見た目似てる気がするけどモトクロスと何が違うの? チャンピオンが解説する「スーパーモト」の正体とは
バイク競技のひとつ「SUPERMOTO(スーパーモト)」とは、どんなマシンで争い、モトクロスと何が違うのでしょうか? 見た目は似ているけど中身はまったくベツモノ。チャンピオンライダーや関係者の言葉をもとに、分かりやすくその違いを整理します。
そもそも「スーパーモト」って何?
1970年代後半、アメリカのTV番組「スーパーバイカーズ」で、ロードレースやモトクロス、フラットトラックのトップライダーが争った競技が、現在の「スーパーモト(SUPERMOTO)」の源流と考えられています。

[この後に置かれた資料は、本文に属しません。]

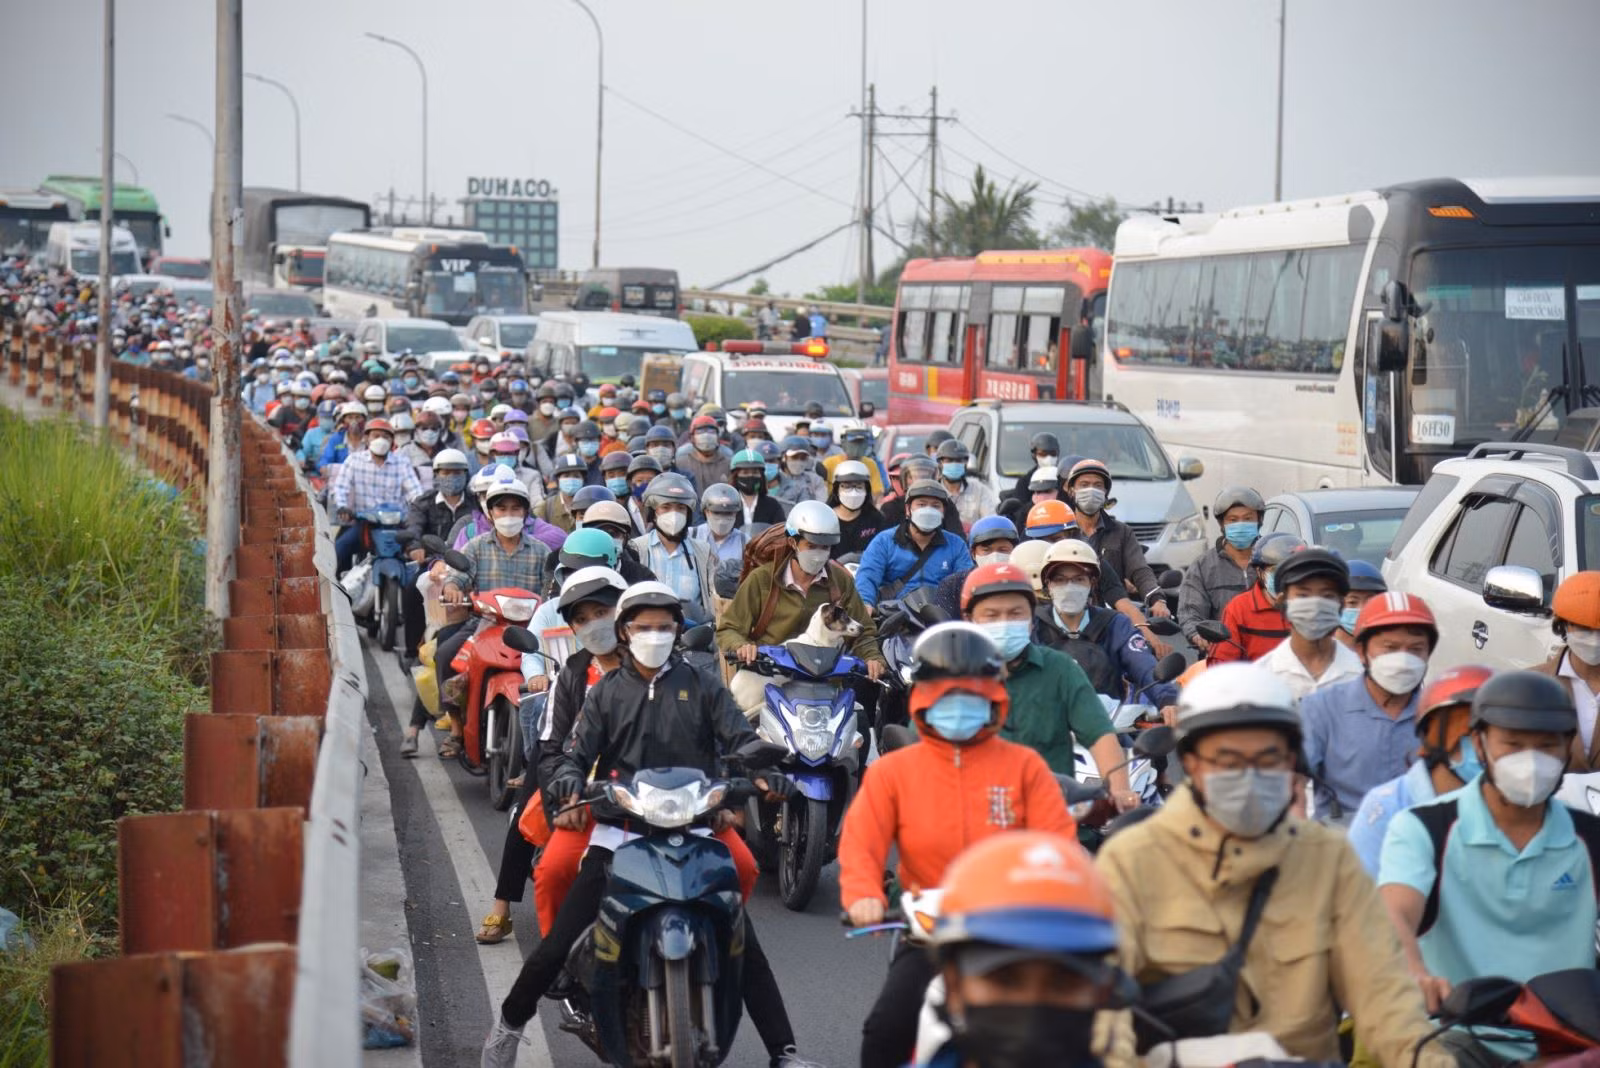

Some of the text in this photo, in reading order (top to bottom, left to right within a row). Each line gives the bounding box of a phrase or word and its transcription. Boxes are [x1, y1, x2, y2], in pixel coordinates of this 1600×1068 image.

[468, 177, 550, 197] DUHACO
[441, 259, 471, 272] VIP
[1417, 420, 1450, 437] 16H30
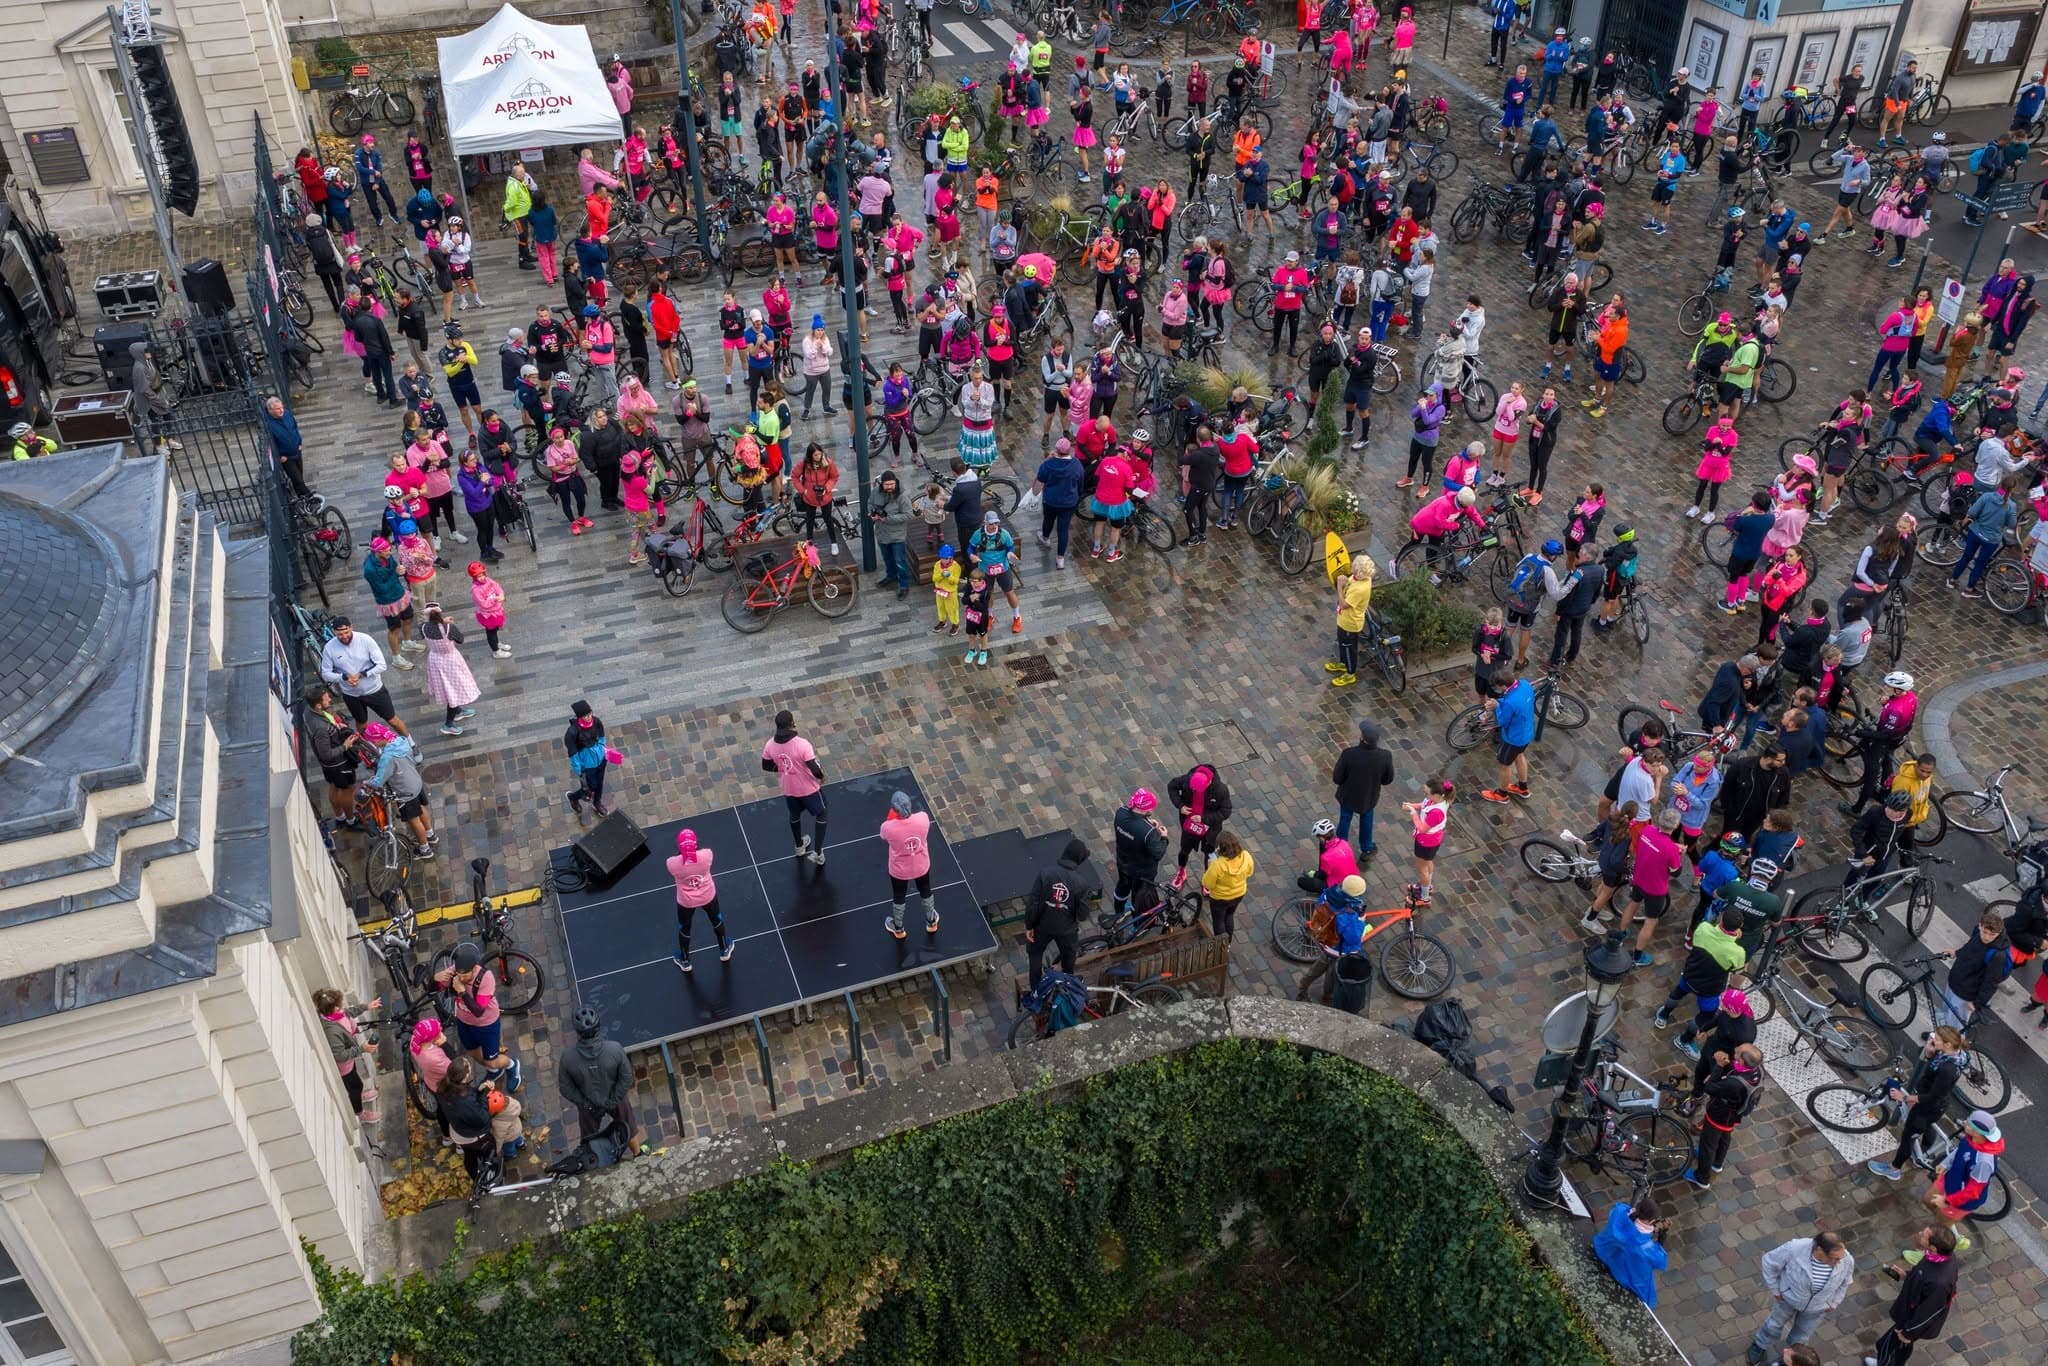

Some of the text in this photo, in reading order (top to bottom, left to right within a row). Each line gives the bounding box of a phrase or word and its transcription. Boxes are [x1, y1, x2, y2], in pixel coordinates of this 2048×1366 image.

[495, 95, 572, 114] ARPAJON
[536, 108, 547, 117] de
[549, 107, 561, 115] vie

その後、舗装路(ターマック)と未舗装路(ダート)を組み合わせた現在のスタイルが確立し、ヨーロッパを中心に競技として発展、世界選手権も開催されるようになりました。
日本では1990年代前半に、モトクロスバイク(モトクロッサー)にロード用タイヤを履いてサーキットを走行する「スーパーバイカー」が上陸。2000年前後には、ヨーロッパの影響を受けて「スーパーモト」という呼び名が定着し、2001年に全日本選手権として正式にシリーズ化されました。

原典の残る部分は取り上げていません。